Last week, the YPG/PKK terrorist group set 19 families free, comprising of 70 people, who were allowed to leave the camp following talks with tribal leaders in the region. On Sept. 15, YPG/PKK terrorists handed over 324 Syrian nationals, mostly women and children, and 115 Iraqi families on Sept. 29 to Iraqi government officials from the camp in al-Hol. YPG/PKK terrorists had previously released hundreds of Daesh members from the camp.
In its more than 30-year terrorism campaign against Turkey, the PKK – listed as a terrorist organization by Turkey, the U.S. and the European Union – has been responsible for the deaths of nearly 40,000 people, including women, children and infants. The YPG is the PKK's Syrian branch.
The YPG/PKK built the camp in April 2017 in al-Hol to keep civilians who fled clashes with the Daesh terrorist group in Deir el-Zour and also some Daesh members and their families. According to local sources, civilians detained by the terrorist group live in inhumane conditions in the camp.
Non-hygienic toilets and shower cabins, torn tents, expired food, a lack of medication for those with chronic illnesses and lack of patient care are some of the main problems at the camp.
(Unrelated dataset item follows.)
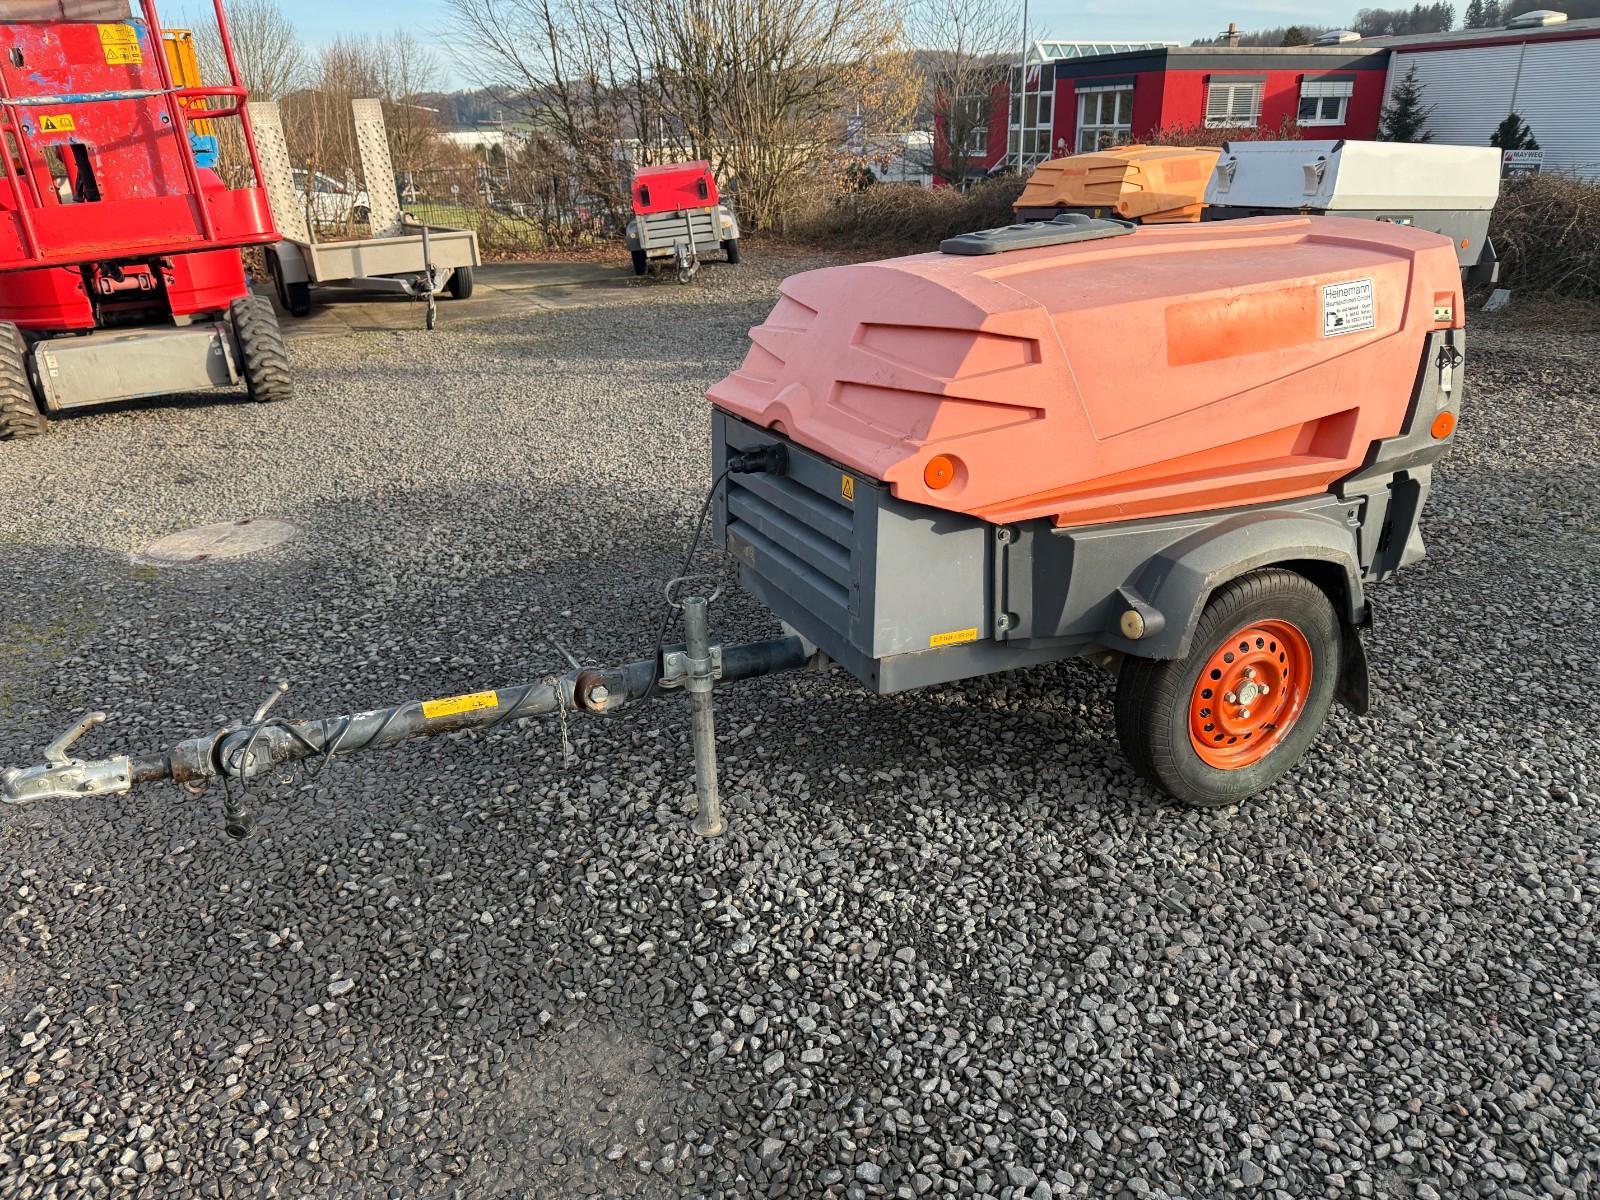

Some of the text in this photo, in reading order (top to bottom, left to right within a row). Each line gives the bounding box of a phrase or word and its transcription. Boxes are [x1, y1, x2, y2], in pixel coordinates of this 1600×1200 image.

The U.N. and nongovernmental organizations (NGOs) warn that the humanitarian situation in the camp is growing worse every day and have sought access to centers where Daesh militants are held.
According to a U.N. official, the camp was initially built to house up to 10,000 internally displaced people, but more than 73,000 individuals remain interred. The vast majority of those at the camp are women and children under the age of 12.
The U.N. Office to the High Commissioner for Human Rights (OHCHR) says some 60,000 Syrians, Iraqis and nationals from other troubled territories have been staying in the filthy camp since 2019 when the conflict with Daesh terrorist group ended. Among the people living in the camp are people with alleged links to the Daesh organization, however, thousands of people have no links to the group whatsoever.
“Governments must stop flouting their international human rights obligations to uphold these children’s right to life, survival and development and promptly repatriate them as a matter of urgency," Semaan said.